Arguably the most important question about academic publishing is whether journals truly encourage and publish the best research. Opinions on this question differ, but the essays provide some of their most enlightening insights into the value and role of economics journals via anecdotes of the article review process itself, the topic to which the book devotes most of its pages. These stories convey both the subjectivity of the process and how seriously editors treat it.

For example, one of the editor's first and most important tasks is selecting referees, typically one to three per paper. The choice weighs depth and breadth, both of which are important but in different measures based on the aim of the journal. For a paper in a narrow subfield, such as neuroeconomics, it can actually be an asset to select a referee in a different field entirely since, if they are unconvinced by a paper's argument or importance, the median reader is likely to be too. In that sense, "the referee is always right," notes John Pencavel, who edited the generalist Journal of Economic Literature.

At the same time, referees are not immune to bias, and personalities matter a great deal. Campbell Harvey, former editor of the Journal of Finance, recalls keeping detailed records on past referees' timeliness, quality, and even specializations — asset pricing and corporate finance theorists are tougher reviewers, he reports — to aid both his referee-selection process and his interpretation of their reports.

Some editors have experimented with ways of speeding up the profession's notoriously slow response times — authors must sometimes wait a year or longer for a decision — often by finding faster ways of plucking unpromising papers out of the process. Some allow authors to forgo the "revise and resubmit" option in favor of a binary "accept" or "reject," which both promises a faster review and encourages authors to submit a more complete draft. Other editors issue "desk rejections," the practice of flatly denying a paper without consulting referees. Though authors in such instances bemoan the loss of a referee's feedback and are more likely to protest the decision, several of the book's editors maintain that their responsibility is to the journal and not to its aspiring contributors.

Given the diversity across journals in focus and practice, perhaps the only universal fact about editing is that it is not for the faint of heart. The sheer volume of submissions — more than 1,000 per year at some top journals — is both daunting and ensures a very low acceptance rate. R. Preston McAfee, formerly of American Economic Review and Economic Inquiry, estimates having rejected 2,500 papers in his career while accepting only 200. "Fortunately," he writes, "there is some duplication across authors, so I have made only around 1,800 enemies."
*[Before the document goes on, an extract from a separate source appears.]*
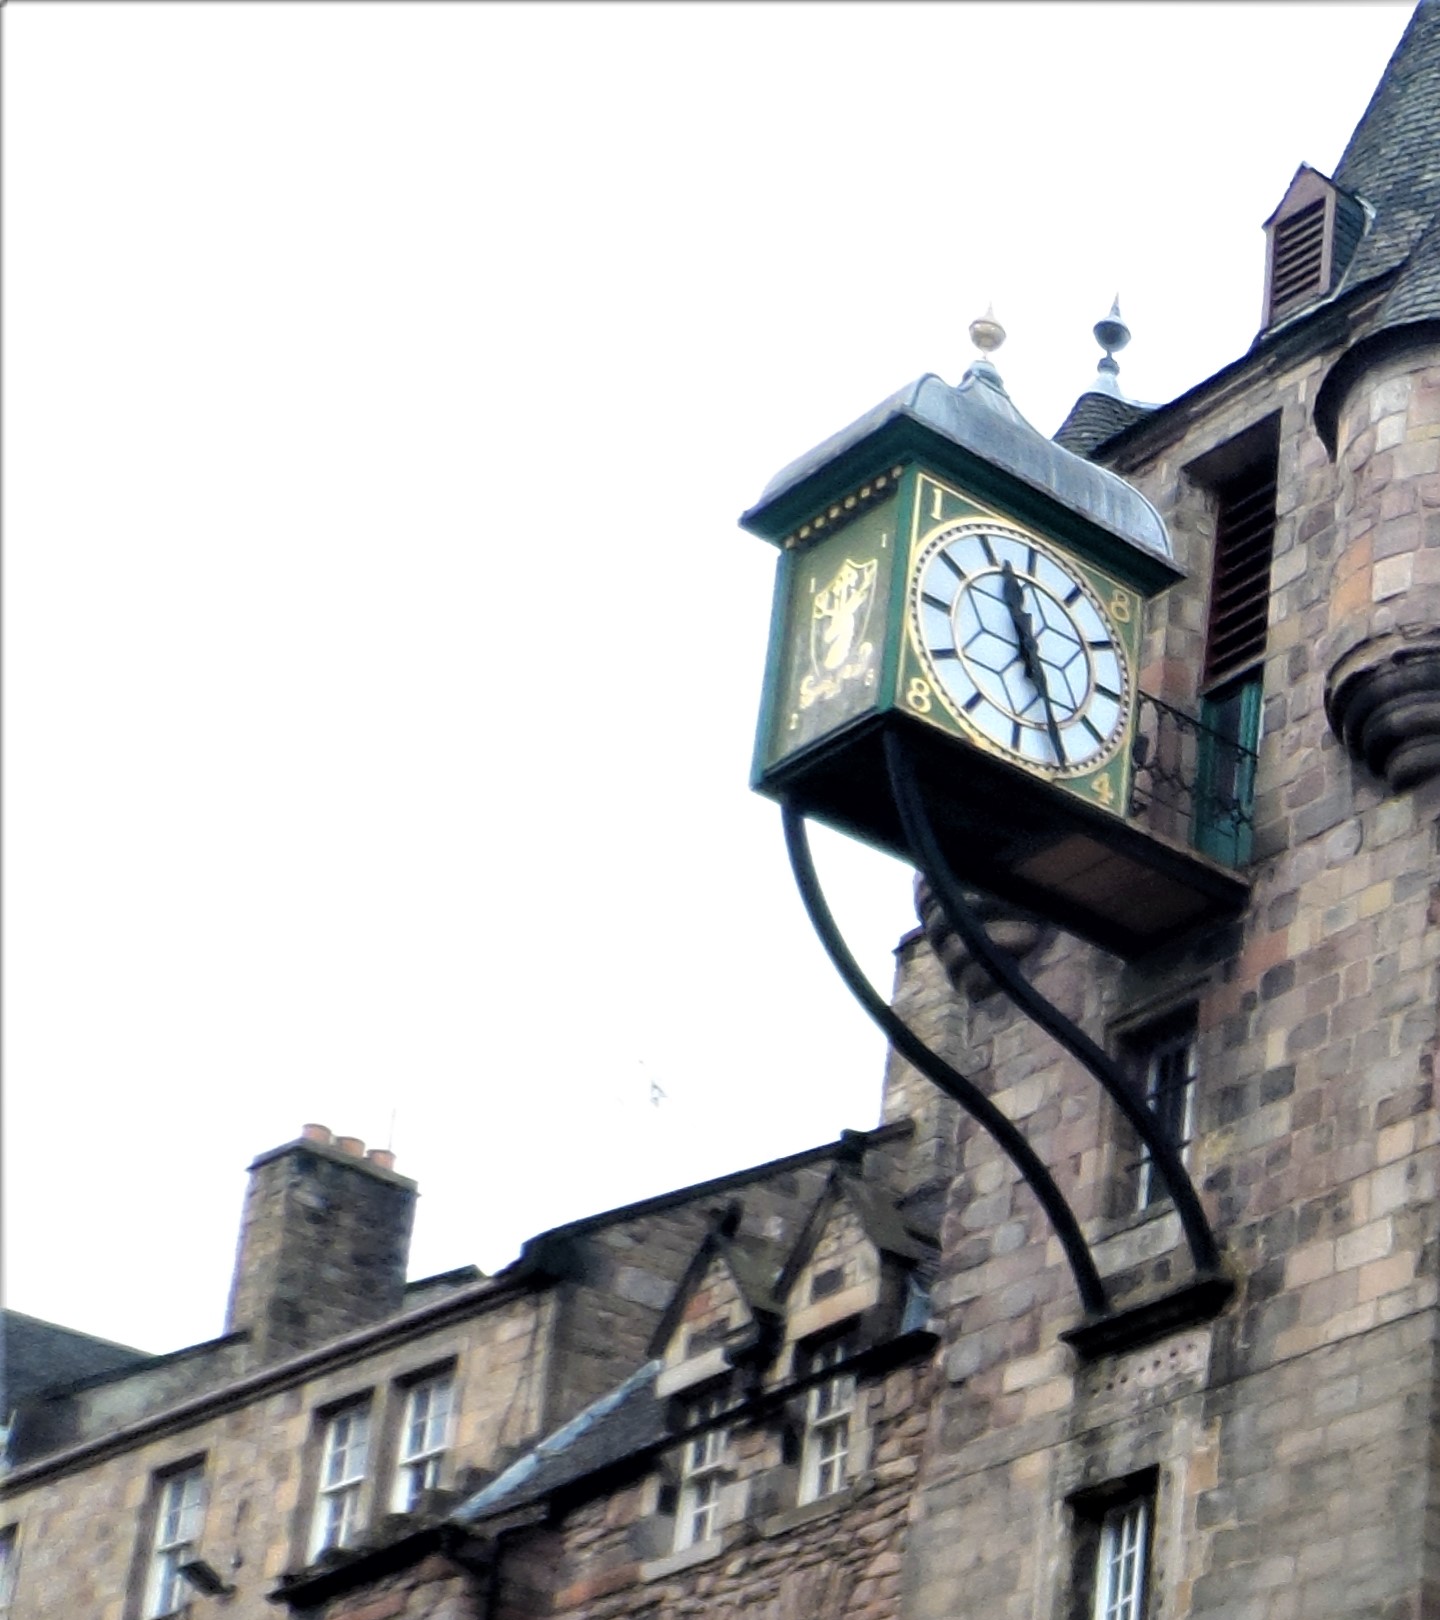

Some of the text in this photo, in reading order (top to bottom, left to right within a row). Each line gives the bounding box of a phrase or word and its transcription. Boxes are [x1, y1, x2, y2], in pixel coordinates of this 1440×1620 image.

Also daunting is the responsibility of balancing decisiveness with an open mind. Authors and editors alike worry that journals "play it safe" by bypassing innovative but risky work in favor of marginal technical accomplishments on an established topic, which can ingrain mainstream thinking. At the same time, some infamous rejections — such as the 1970 "The Market for Lemons" paper that largely won George Akerlof the Nobel Prize — continue to haunt editors. (Perhaps worse, notes McAfee, Akerlof received three confidently smug rejection letters, providing an additional lesson in the wrong way to write them.) Fortunately, most editors report relatively few regrets.

Overall, the book provides outsiders with a rare glimpse into what is arguably still the primary venue of progress in the economics profession. The audience for such seeming minutiae may not be immediately obvious, but as Nobel Prize winner Robert Solow points out in his foreword, it includes anyone who has ever submitted to, been published in, or read an economics journal. In other words, just about the entire profession.